# Aim of the exercise
Word for word, set down the records and skip each picture.

Dataset entries
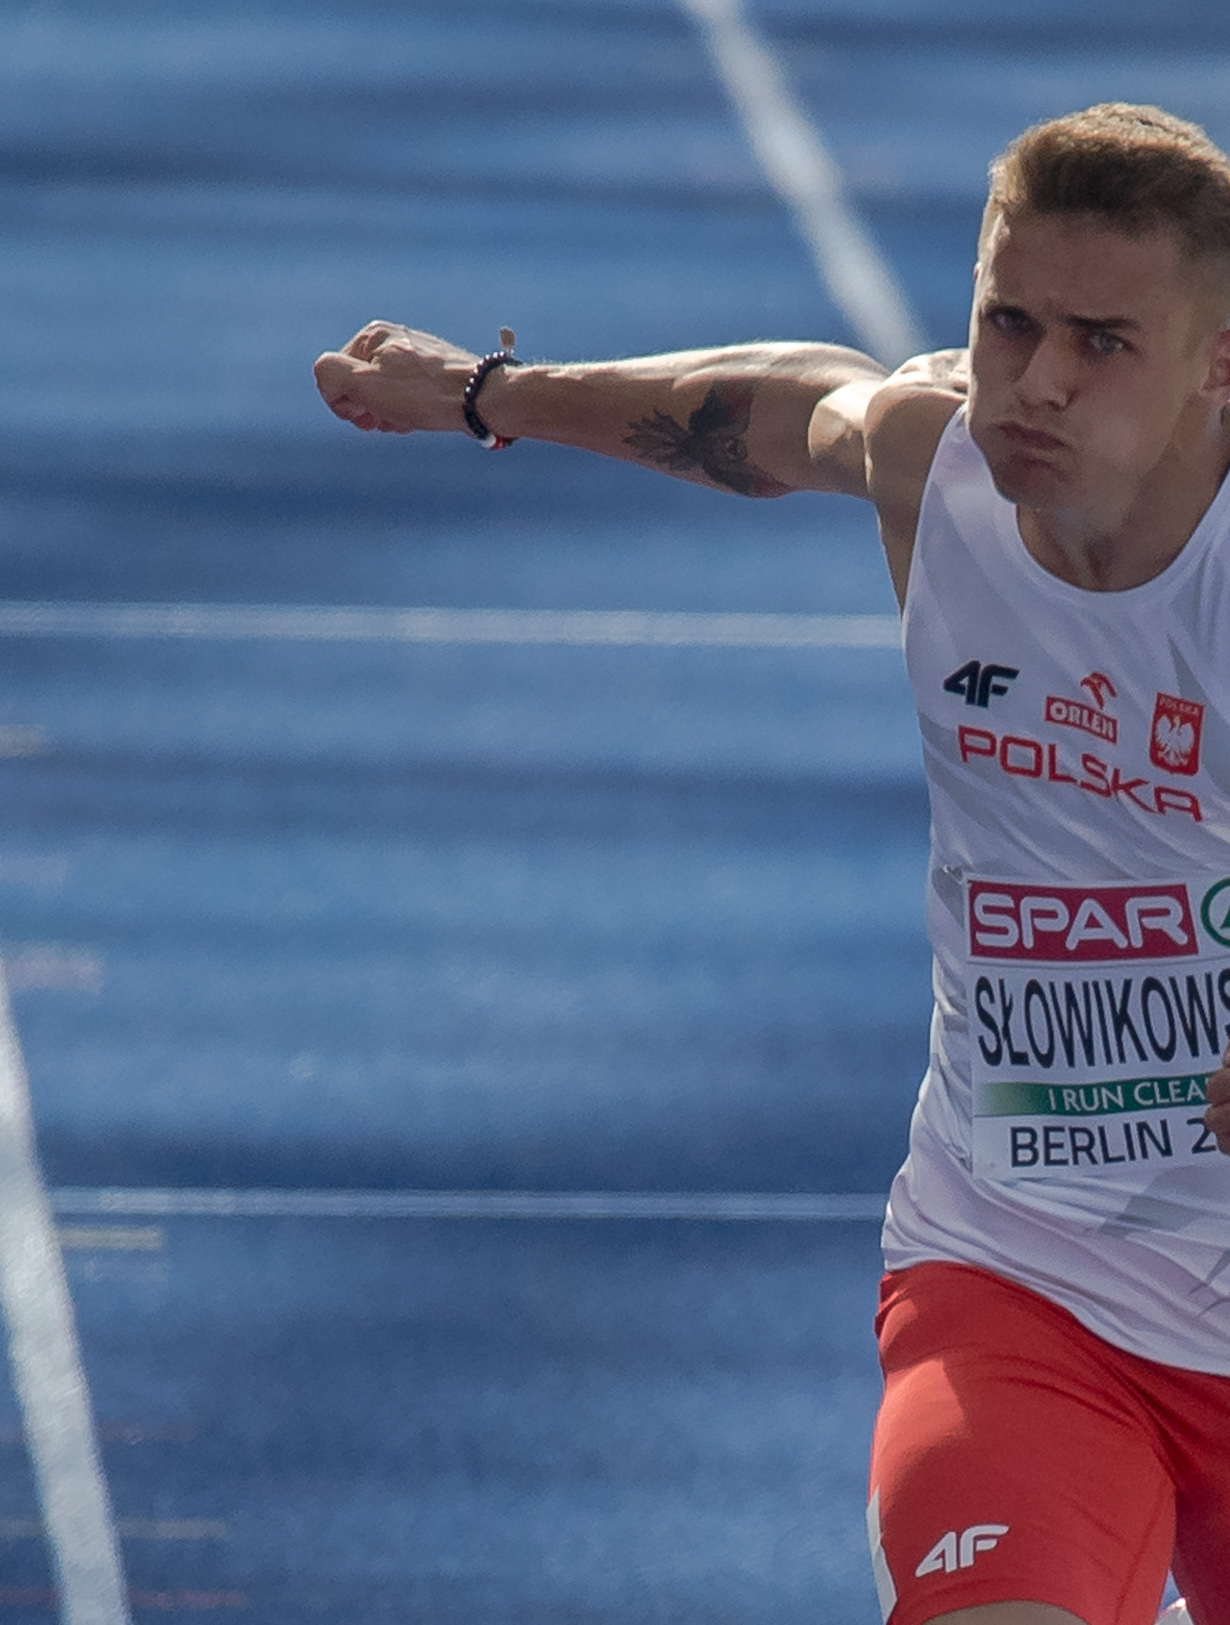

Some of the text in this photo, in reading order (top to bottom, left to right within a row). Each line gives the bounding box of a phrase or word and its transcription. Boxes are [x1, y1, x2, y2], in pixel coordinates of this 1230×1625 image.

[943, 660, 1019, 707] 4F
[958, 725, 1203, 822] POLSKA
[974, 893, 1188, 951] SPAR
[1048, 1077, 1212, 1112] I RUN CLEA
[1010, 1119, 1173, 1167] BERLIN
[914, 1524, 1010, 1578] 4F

# Answer section
Some of the text in this photo, in reading order (top to bottom, left to right within a row). Each line gives the bounding box of a phrase or word and its transcription. Boxes are [x1, y1, x2, y2], in pixel coordinates of this 1230×1625 image.

[943, 660, 1019, 707] 4F
[958, 725, 1203, 822] POLSKA
[974, 893, 1188, 951] SPAR
[1048, 1077, 1212, 1112] I RUN CLEA
[1010, 1119, 1173, 1167] BERLIN
[914, 1524, 1010, 1578] 4F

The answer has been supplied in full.